Image-backed grounding data
== Segment start ==

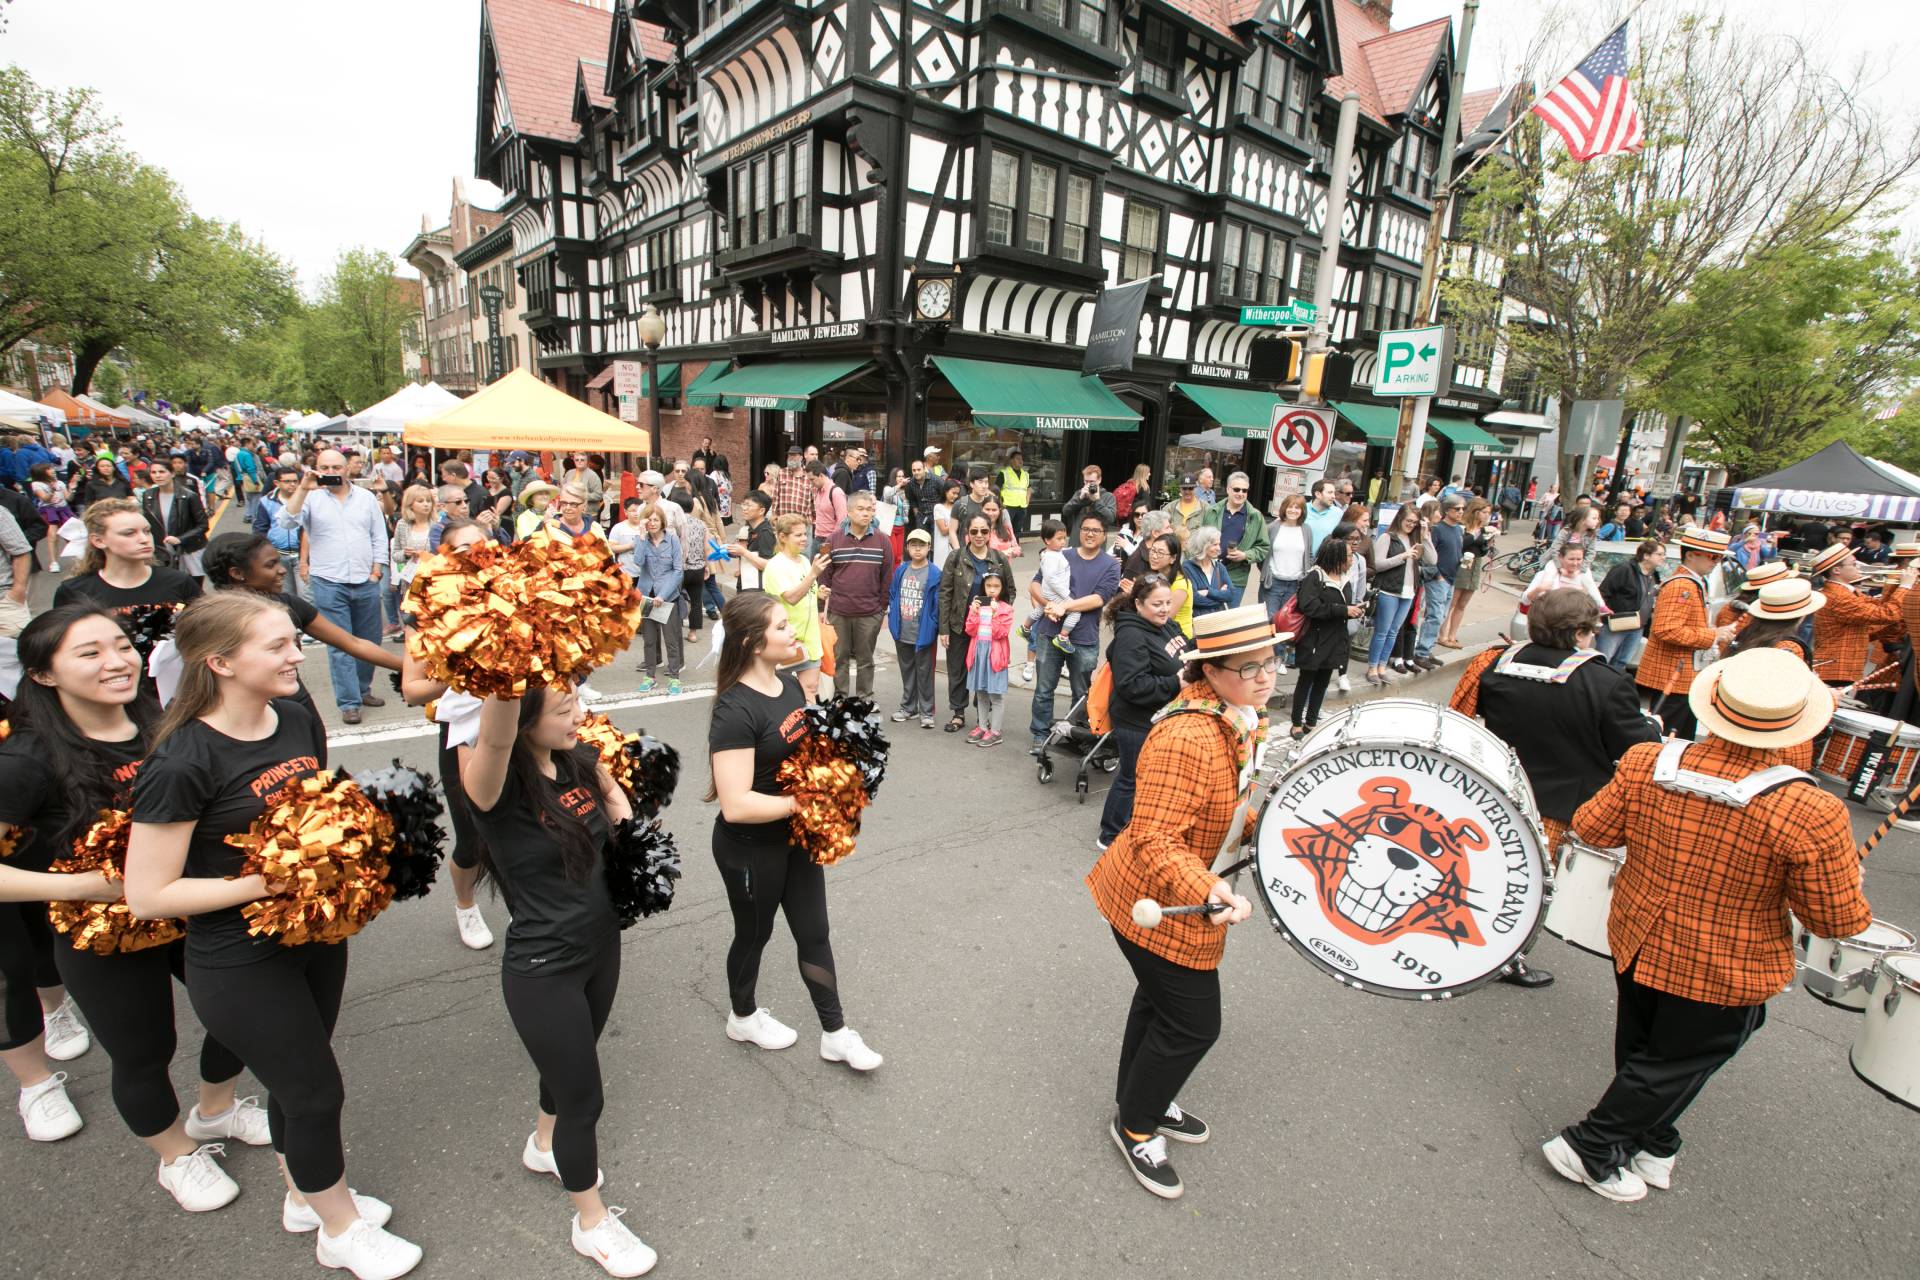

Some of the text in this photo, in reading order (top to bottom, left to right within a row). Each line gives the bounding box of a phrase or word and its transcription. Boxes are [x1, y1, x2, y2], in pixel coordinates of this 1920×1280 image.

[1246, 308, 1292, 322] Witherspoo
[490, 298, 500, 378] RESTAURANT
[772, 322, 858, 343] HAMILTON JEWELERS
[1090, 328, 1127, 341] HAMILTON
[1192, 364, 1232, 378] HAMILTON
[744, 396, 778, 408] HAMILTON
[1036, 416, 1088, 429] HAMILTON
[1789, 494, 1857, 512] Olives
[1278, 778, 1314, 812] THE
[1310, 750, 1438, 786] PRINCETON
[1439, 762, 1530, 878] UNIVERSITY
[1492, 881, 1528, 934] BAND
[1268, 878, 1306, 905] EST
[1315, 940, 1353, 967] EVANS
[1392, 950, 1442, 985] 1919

== Segment end ==

Repeat the entries exactly, without pictures.

Some of the text in this photo, in reading order (top to bottom, left to right within a row). Each line gives the bounding box of a phrase or word and its transcription. Boxes are [x1, y1, x2, y2], in pixel coordinates of this 1920×1280 image.

[1246, 308, 1292, 322] Witherspoo
[490, 298, 500, 378] RESTAURANT
[772, 322, 858, 343] HAMILTON JEWELERS
[1090, 328, 1127, 341] HAMILTON
[1192, 364, 1232, 378] HAMILTON
[744, 396, 778, 408] HAMILTON
[1036, 416, 1088, 429] HAMILTON
[1789, 494, 1857, 512] Olives
[1278, 778, 1314, 812] THE
[1310, 750, 1438, 786] PRINCETON
[1439, 762, 1530, 878] UNIVERSITY
[1492, 881, 1528, 934] BAND
[1268, 878, 1306, 905] EST
[1315, 940, 1353, 967] EVANS
[1392, 950, 1442, 985] 1919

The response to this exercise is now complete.